Отчего дети так естественно, так горячо, так самозабвенно мечтают: "Я хочу быть птицею!", "Я хочу быть рыбою!", "Я хочу быть собакою!". "А я дерево!", "А я - ветерок!"... Теперь я думаю, в основе этого лежит перемещение душ. Дети помнят свои бывшие жизни лучше, чище, точнее взрослых. Как-то я сказала маме (кажется, маме), что я хочу ослика, живого, настоящего. Через два дня у нас появился чудесный ослик - ласковый, смешной. Он слушался меня беспрекословно. Как я его любила!
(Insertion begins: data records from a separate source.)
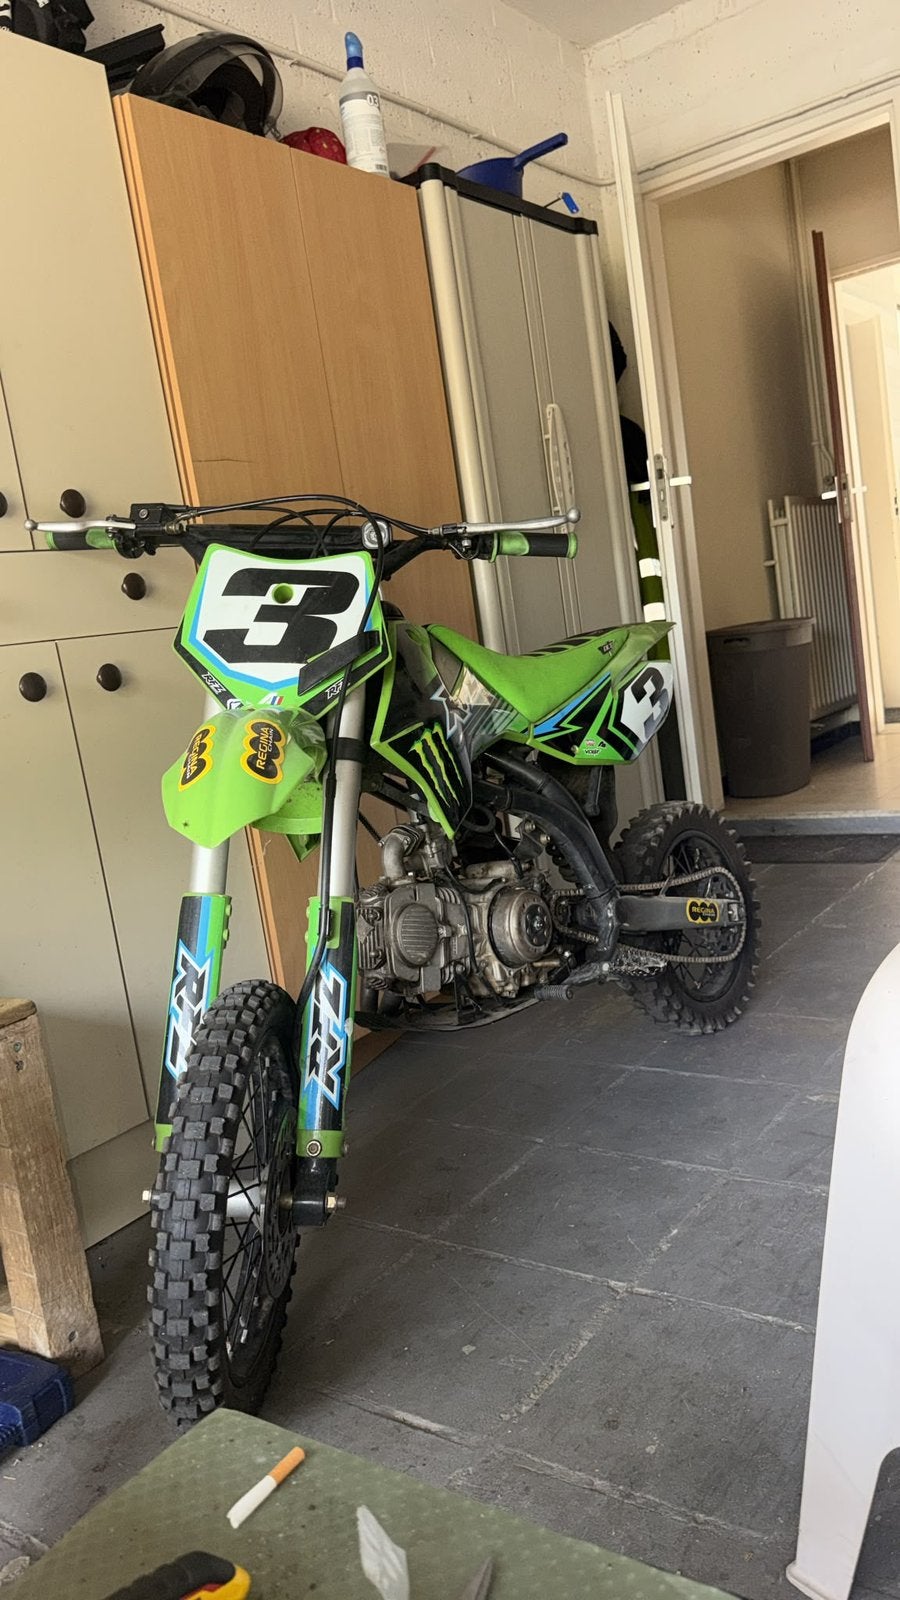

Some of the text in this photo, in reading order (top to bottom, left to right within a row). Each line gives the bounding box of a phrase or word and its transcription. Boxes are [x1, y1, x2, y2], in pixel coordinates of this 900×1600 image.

[367, 94, 379, 106] 03
[203, 568, 360, 664] 3
[201, 672, 227, 695] RFZ
[325, 678, 350, 700] RF
[630, 666, 669, 738] 3
[189, 733, 203, 776] REGINA
[255, 727, 270, 770] REGINA
[267, 727, 275, 752] CHAIN
Как расчесывала его гриву, чистила щеточкой бока вместе с грумом! как мечтала сама быть осликом, чтобы никогда-никогда не разлучаться с Майлав. И вот, представляешь, однажды грум хотел его отвести на конюшню, а Майлав заупрямился. И грум, недолго думая, ударил его стеком по морде, да так, что у того из носа брызнула кровь. Что со мной было! Изо всех сил, что были у пятилетнего ребенка, я колотила ухмылявшегося гиганта-грума по животу, я рыдала, кричала, звала родителей на помощь. Меня уложили в постель, когда я немного успокоилась, и я впала в апатию. Именно тогда я впервые не хотела жить. Я открыла страшную тайну - люди могут быть беспощадно жестокими к тем, кто нам дорог, кого мы безумно любим. И от своей жестокости люди получают удовольствие - это я тоже тогда хорошо запомнила. Не от радости других, а от страданий кто-то может счастливо улыбаться, испытывать явное наслаждение. Мне казалось, что наступит конец света. И я ждала его со страхом, но с покорностью. Конец света не наступал, жизнь продолжалась...
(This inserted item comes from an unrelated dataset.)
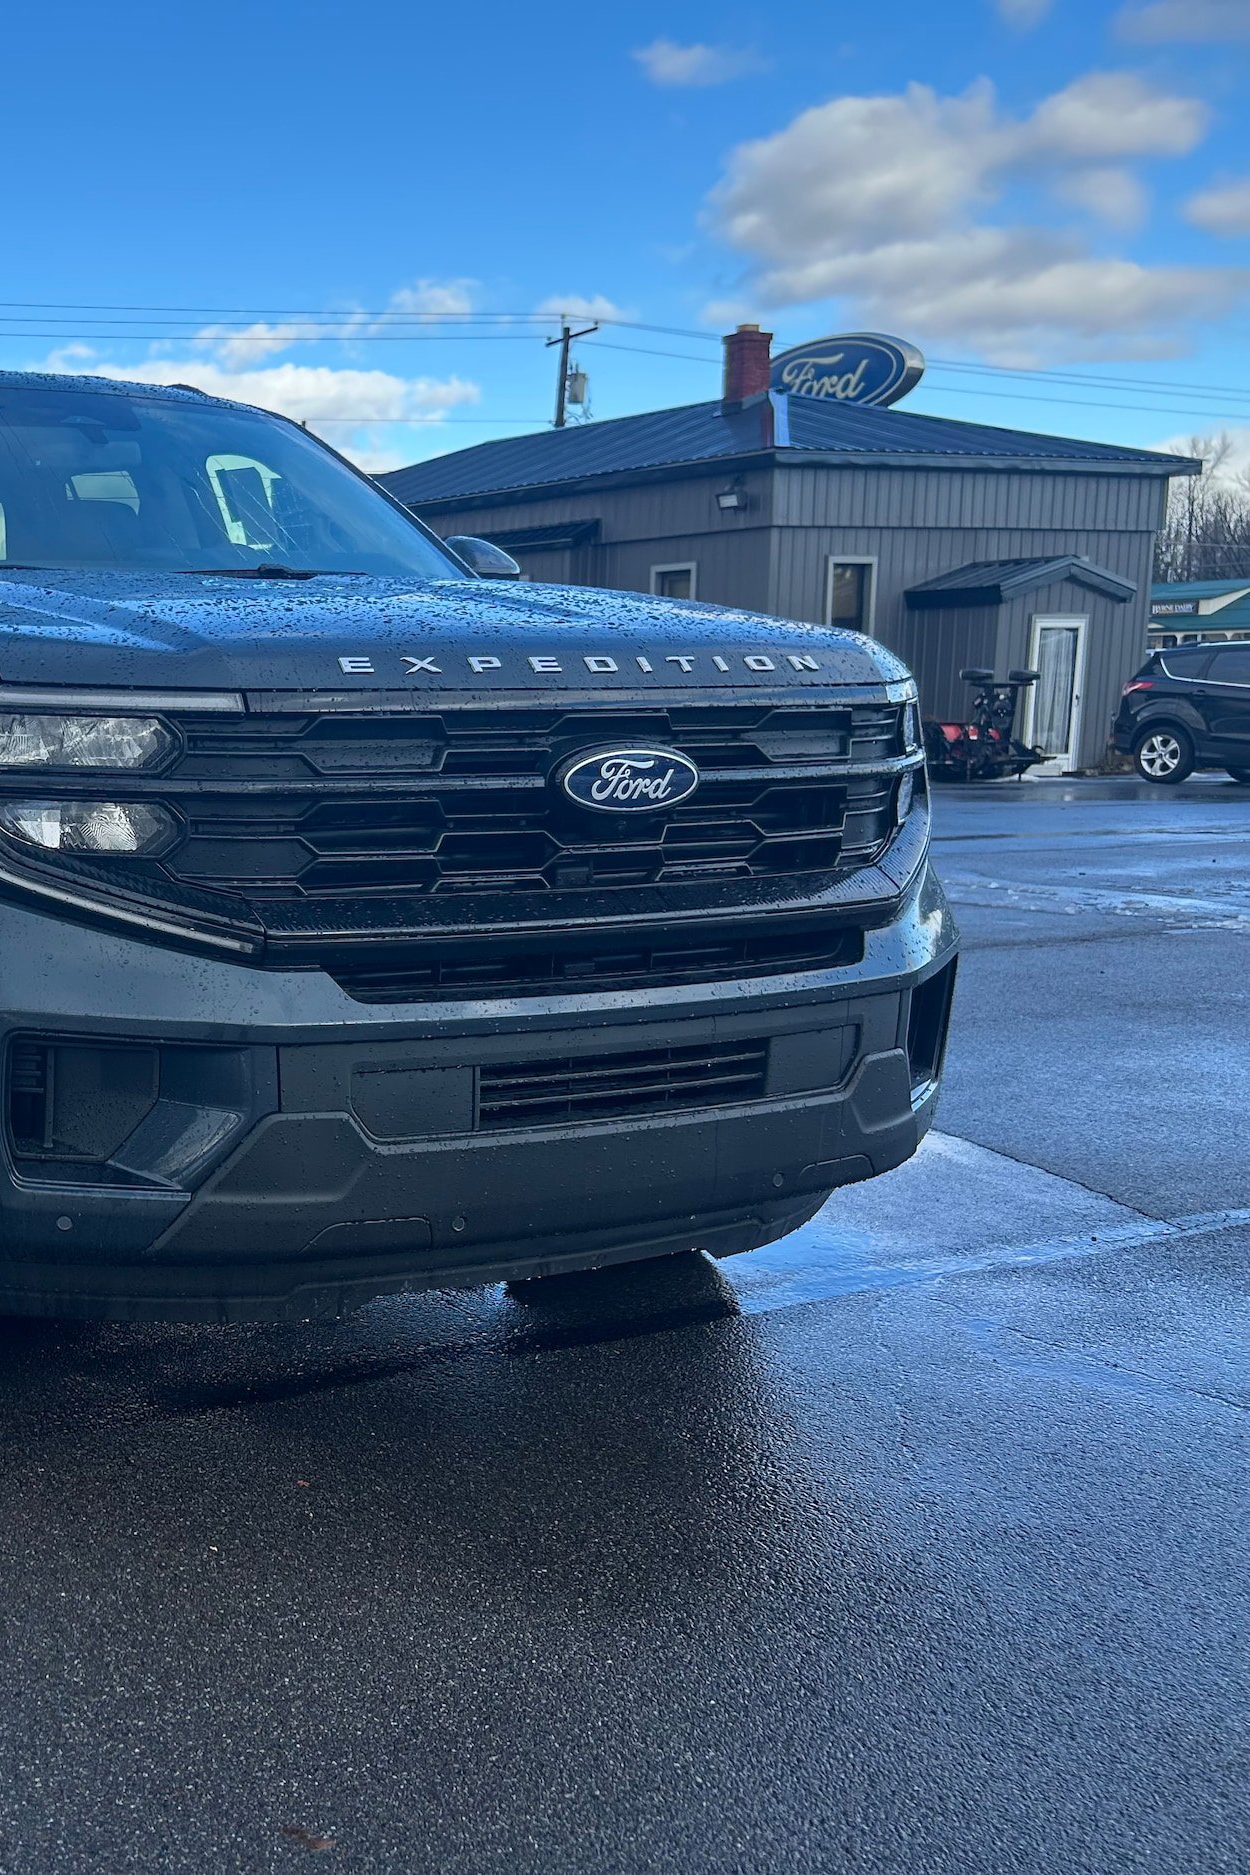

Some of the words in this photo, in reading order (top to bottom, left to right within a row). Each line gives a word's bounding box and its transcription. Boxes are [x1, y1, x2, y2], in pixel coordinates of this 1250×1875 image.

[782, 352, 870, 400] Ford
[337, 655, 819, 674] EXPEDITION
[591, 758, 675, 801] Ford
Когда мне было десять лет, в моем сердце вспыхнула первая и, как я тогда была абсолютно уверена, единственная на всю жизнь любовь. А он - им был самый красивый, самый добрый, самый умный на свете мужчина. Он - Роберт Дайлинг. Ощущение того, что я люблю его, пришло как озарение. Я знала его столько, сколько помнила себя. И всегда, до того рокового дня, он был для меня одним из Страны Взрослых, куда вход нам, детям, воспрещен. Да нам и не нужно было, у нас свой мир захватывающий и сложный, мир со своими законами и устоями. И вдруг, это было на Пасху, - я словно проснулась. И увидела, что передо мной прекрасный принц, который мне всего дороже в жизни. Роберт имел дурную привычку - играть в ухаживание за мной, как если бы я была действительно его избранницей. Раньше эти ухаживания были иногда захватывающей дух, иногда забавной, но всегда - игрой. На этот раз игра вдруг показалась мне безобразной. Виною тому был и снисходительный тон Дайлинга, и его не очень ловкое перемаргивание при этом с папой.